The listing below has to be output exactly as given, less its pictures.

Content starts

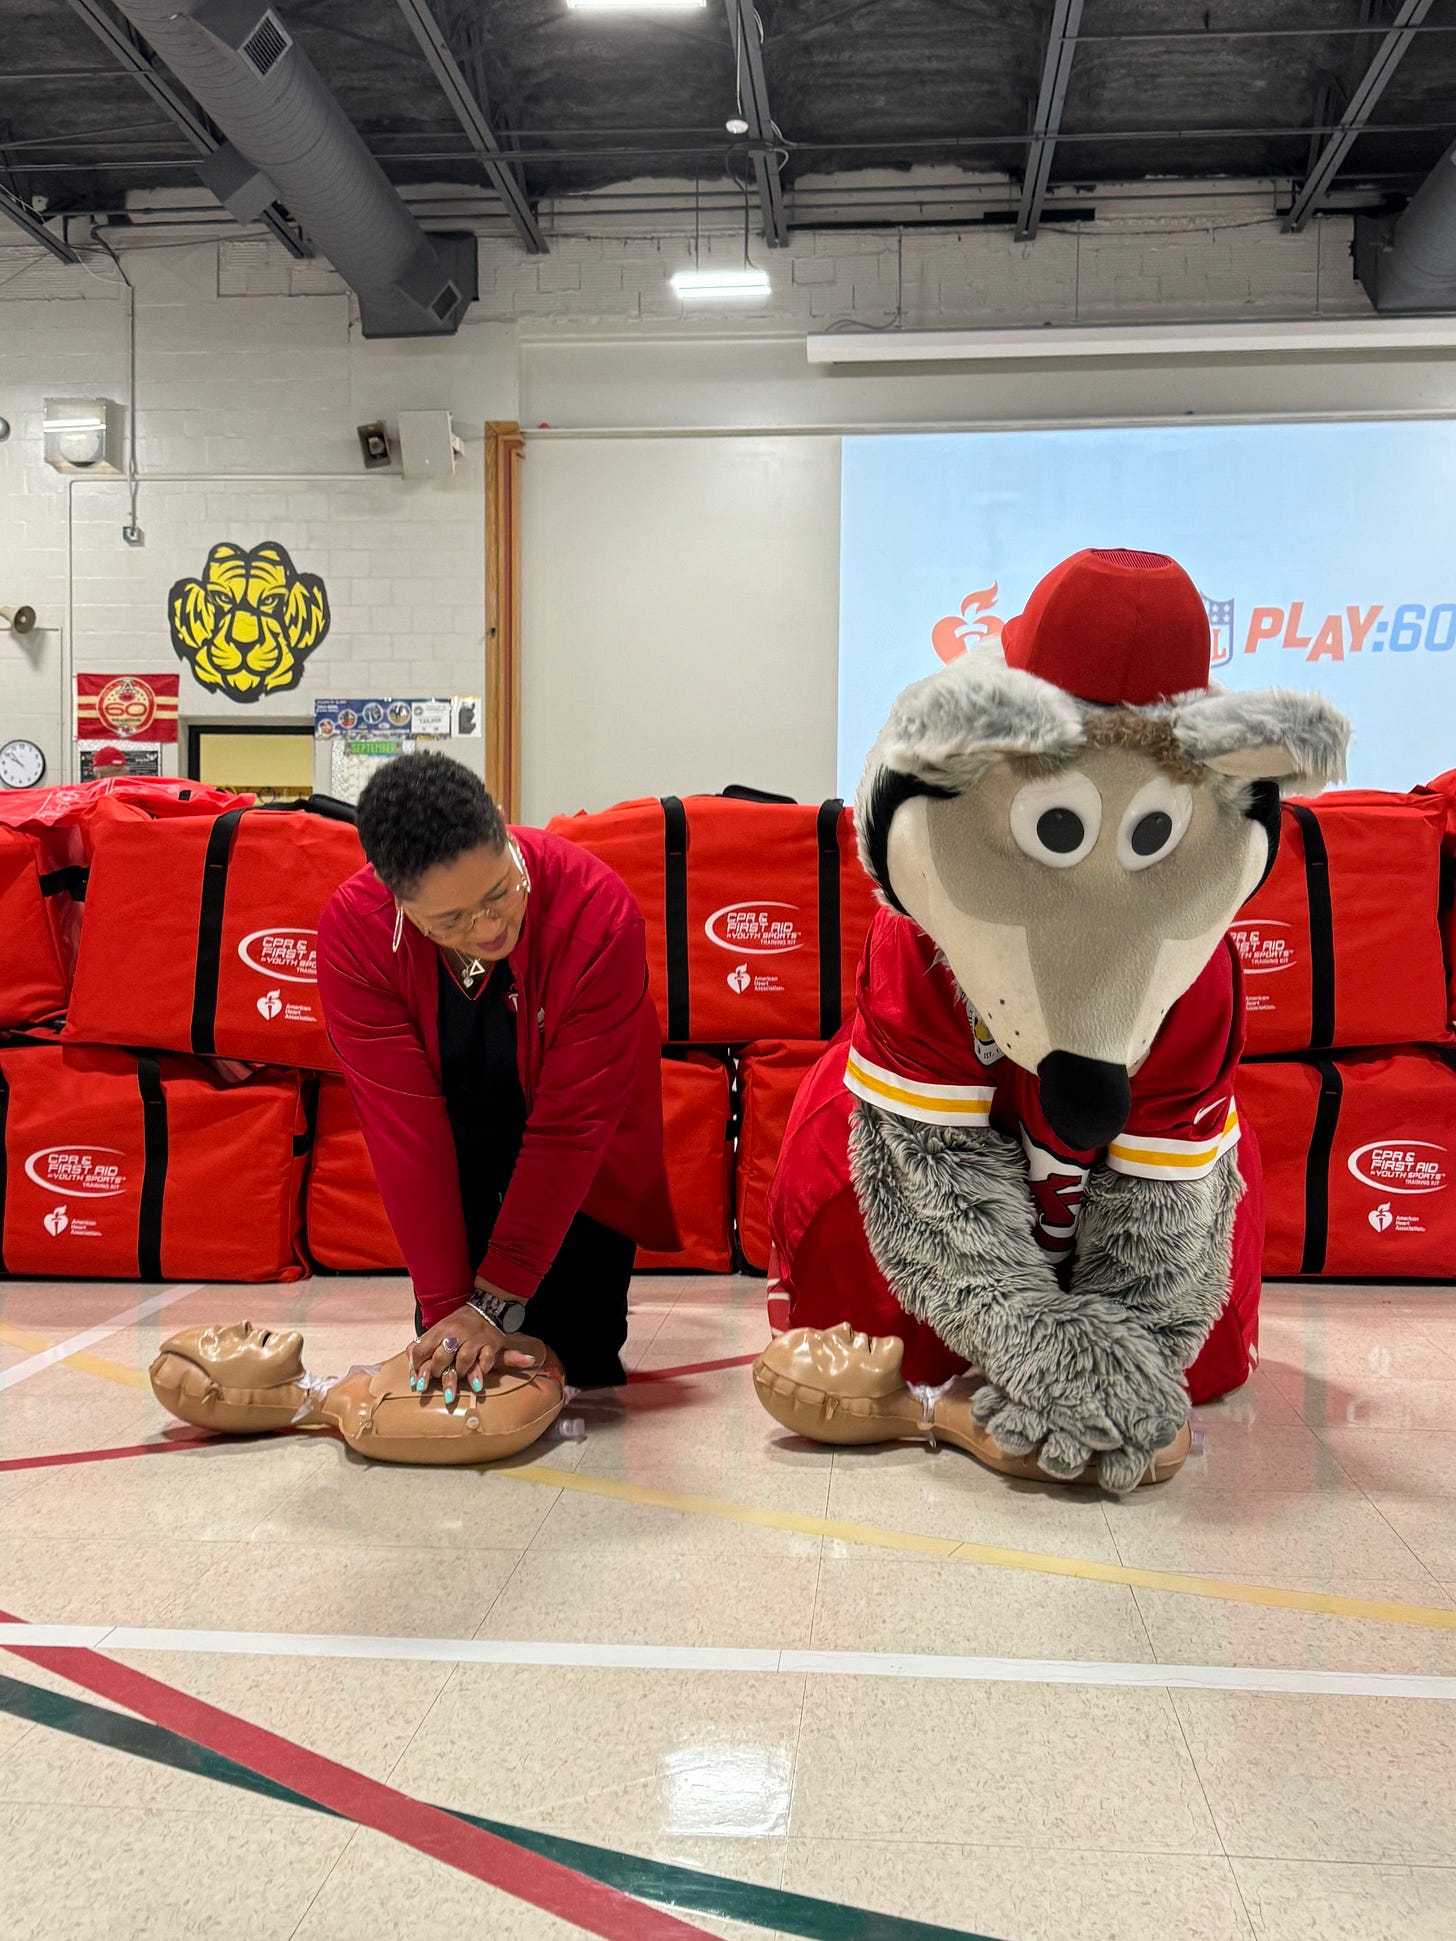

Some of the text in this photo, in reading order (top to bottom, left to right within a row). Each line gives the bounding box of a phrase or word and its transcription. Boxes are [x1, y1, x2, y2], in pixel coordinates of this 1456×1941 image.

[1244, 601, 1456, 662] PLAY:60
[105, 702, 147, 717] 60
[727, 912, 768, 923] CPR &
[726, 922, 793, 933] FIRST AID
[262, 936, 294, 950] CPR
[1262, 939, 1285, 951] AID
[261, 947, 307, 960] FIRST
[267, 956, 298, 967] YOUTH
[47, 1154, 92, 1166] CPR &
[1371, 1149, 1415, 1162] CPR &
[47, 1163, 118, 1177] FIRST AID
[1370, 1160, 1439, 1173] FIRST AID
[53, 1173, 84, 1181] YOUTH
[1375, 1170, 1407, 1179] YOUTH

Content ends

• [EXERCISE SOLUTION]
Some of the text in this photo, in reading order (top to bottom, left to right within a row). Each line gives the bounding box of a phrase or word and its transcription. Boxes are [x1, y1, x2, y2], in pixel coordinates of this 1456×1941 image.

[1244, 601, 1456, 662] PLAY:60
[105, 702, 147, 717] 60
[727, 912, 768, 923] CPR &
[726, 922, 793, 933] FIRST AID
[262, 936, 294, 950] CPR
[1262, 939, 1285, 951] AID
[261, 947, 307, 960] FIRST
[267, 956, 298, 967] YOUTH
[47, 1154, 92, 1166] CPR &
[1371, 1149, 1415, 1162] CPR &
[47, 1163, 118, 1177] FIRST AID
[1370, 1160, 1439, 1173] FIRST AID
[53, 1173, 84, 1181] YOUTH
[1375, 1170, 1407, 1179] YOUTH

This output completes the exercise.